Hence enough evidence has been found that shows the mean difference between heart rate of not the participants is statistically significant when their emotional state is changing from angry to sad. Hence the null hypothesis is accepted, which says that there is no significant difference in the heart rate of the participants when their emotional state is changing from angry to sad.

Table 14 illustrates the complete values of three kinds of pair states, including happy to neutral, neutral to angry, and angry to sad, concerning three parameters, namely systolic BP, diastolic BP, and heart rate.

Table 14 also shows the close correlation between the data that has been captured via the physiological sensor and the expression that has been captured via the device. Enough evidence has been found in the experiment that shows that the paired state variation with parameter variation is statistically significant.

6. Conclusions

In this article, we have designed and implement an IoMT based portable FER edge device to recognize the facial emotion of an individual. FER is achieved by interfering with the systole, diastole, and heart rate sensor data of an individual with visuals capture through an edge device. The edge device is integrated with Intel Movidius neural computing stick2 (NCS2), and a deep convolutional neural network implemented on NCS2 enables the edge device to recognize facial emotion accurately. The facial emotion detection test accuracy ranged from 56% to 73% using various models, and the accuracy became 73% and performed very well with the FER 2103 dataset in comparison to the state of art results with a 64% maximum. Finally, a t-test validation is conducted for identifying the significant differences in systolic, diastolic, and heart rate of an individual during watching the different subjects’ visuals clips.
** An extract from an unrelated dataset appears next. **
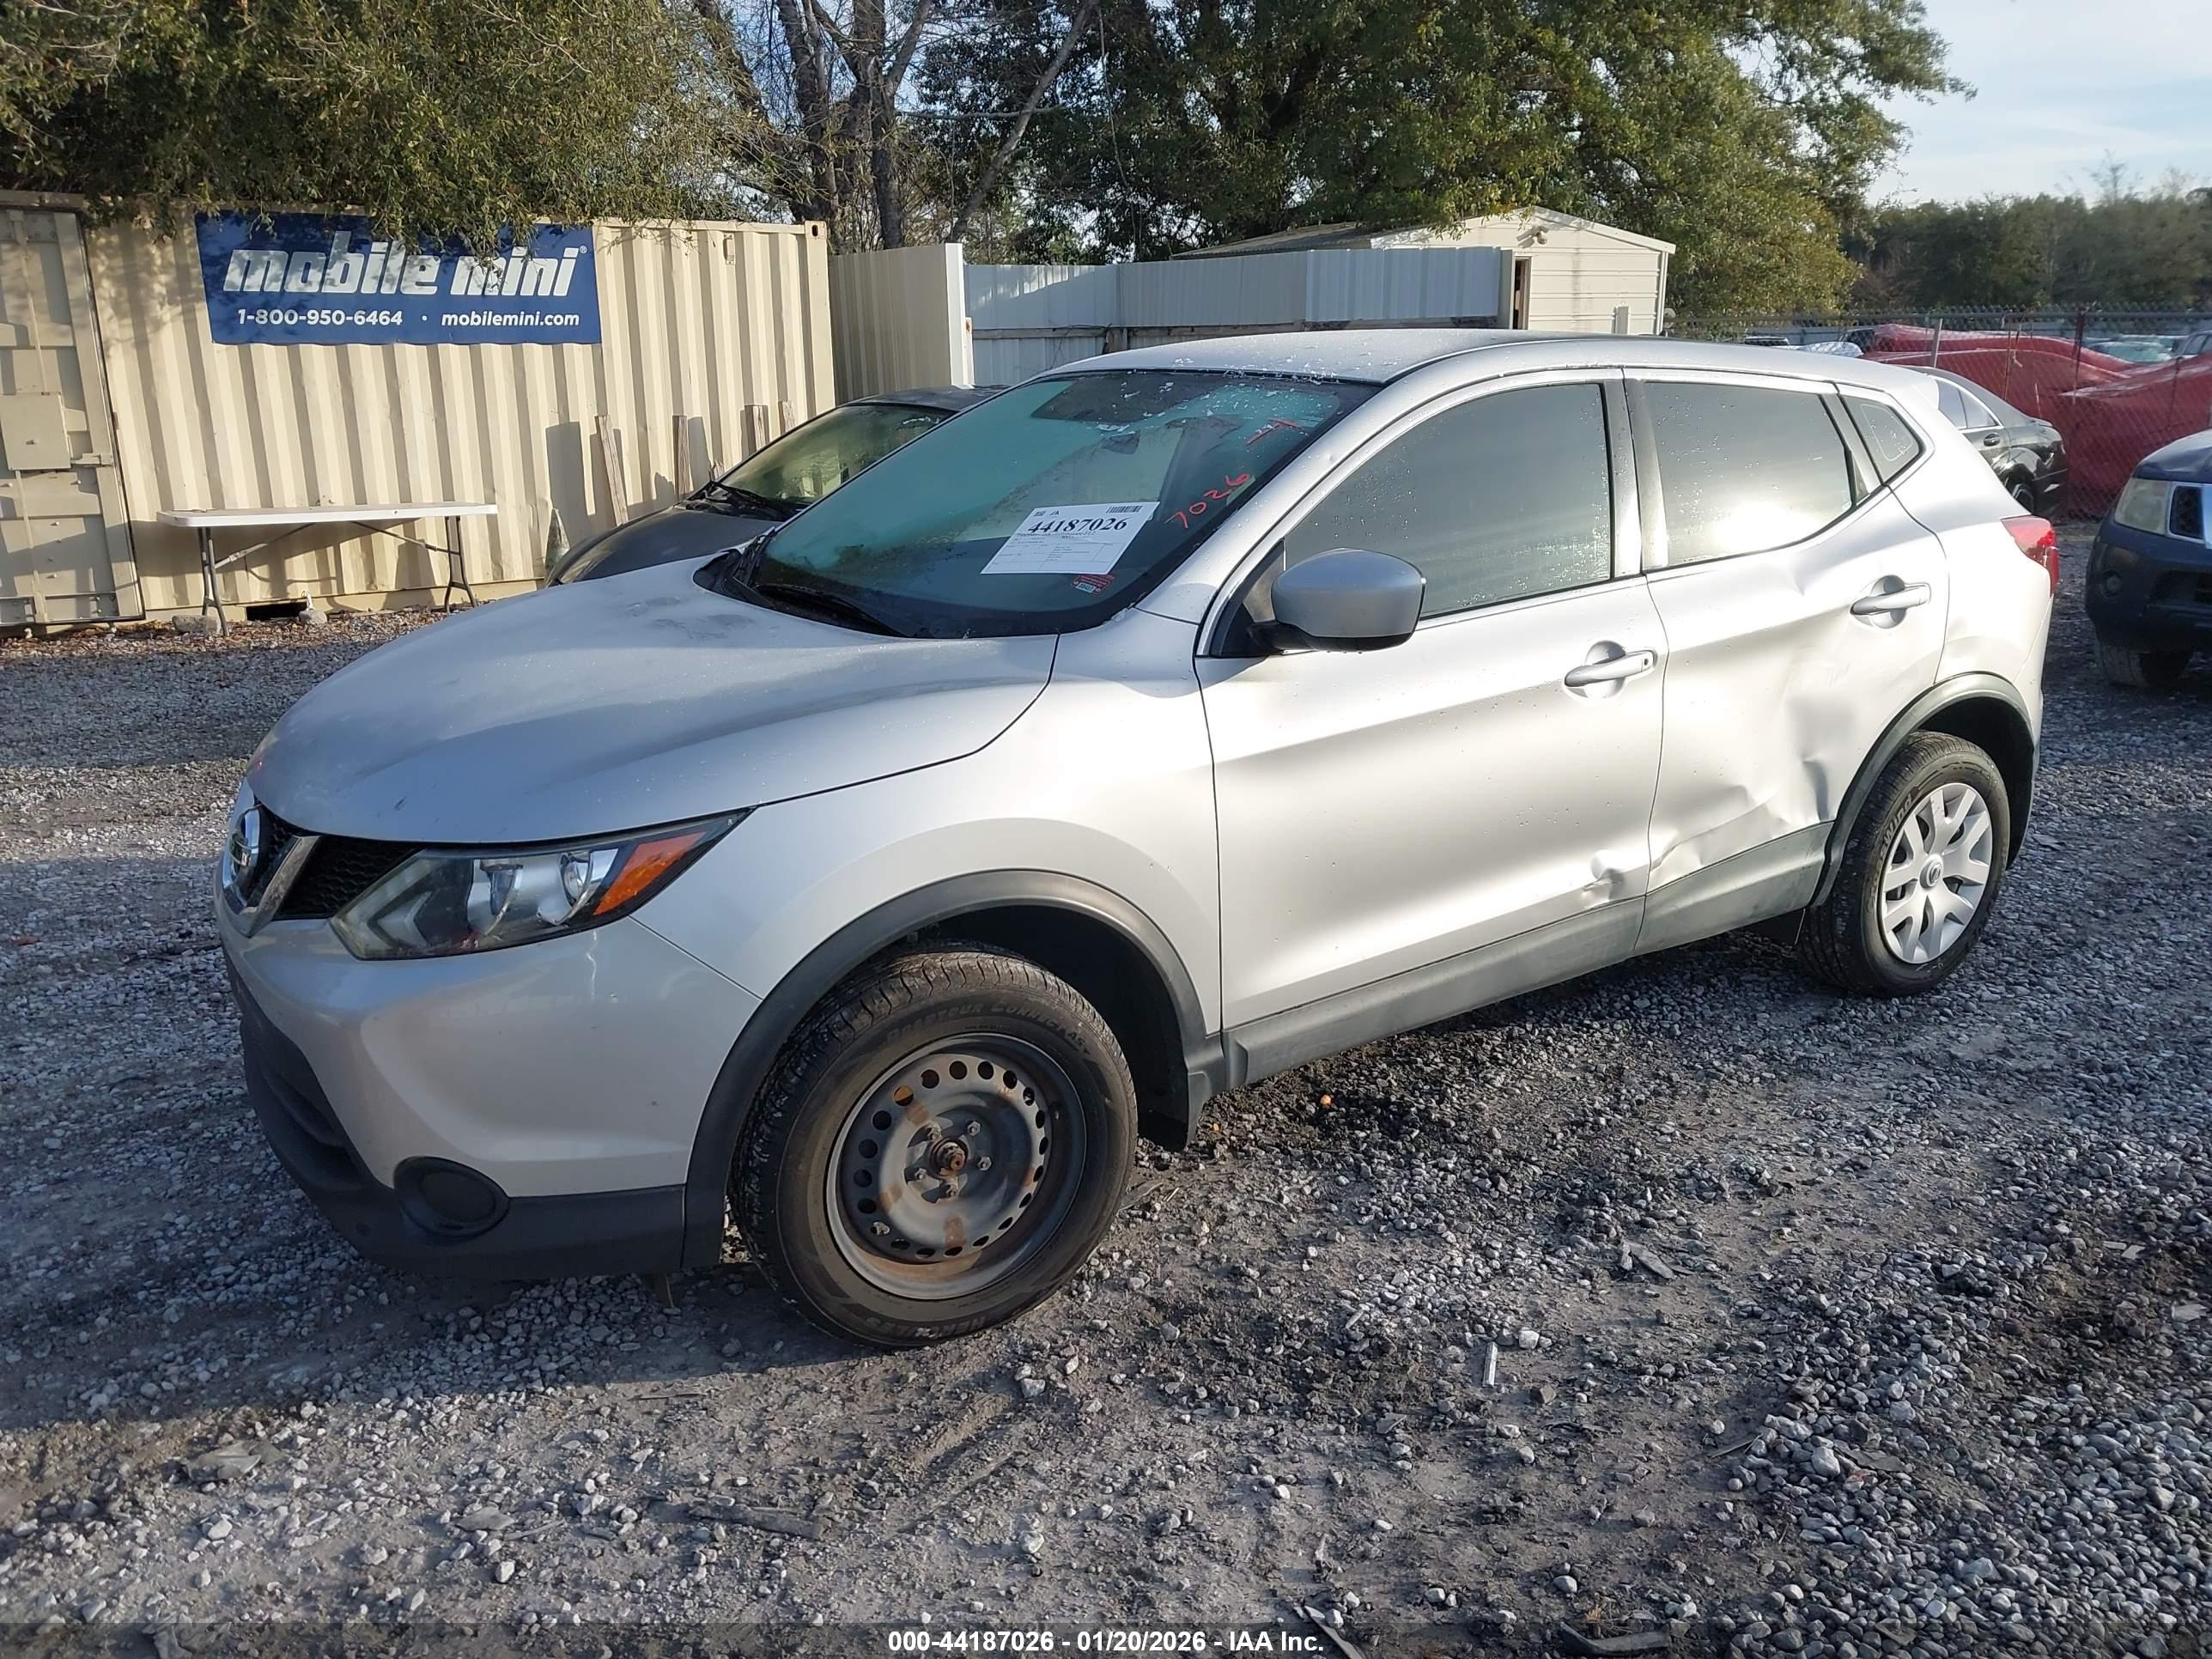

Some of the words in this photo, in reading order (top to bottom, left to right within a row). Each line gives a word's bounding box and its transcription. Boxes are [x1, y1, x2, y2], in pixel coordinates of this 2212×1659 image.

The primary goal of this work is to develop a system that can replace the existing bulky, wired and system-dependent system that almost makes the work of face and facial emotion detection impossible while walking on roads, airports, hospitals, and public places. One must spend a lot to receive the benefit of such a system. Moreover, it has also been observed from the literature review that studies have been carried out on various techniques that are required to achieve facial emotion recognition, but no literature has been found in the direction of designing and implementing a device (portable, cheap, and efficient) in real-time. This paper suggests the development of intelligence that can detect human faces and their emotions in real-time. A smart system and an IOT-based vision Mote device, which are designed for detecting the real-time behavior of a person. It is a small contribution to the social cause as the device is designed for detecting the real-time behavior of people under different situations. This device will automatically detect a human presence and capture the human face along with its facial emotions. Hence, it will collect real-time data and upload the captured emotions on the cloud, which can be accessed remotely.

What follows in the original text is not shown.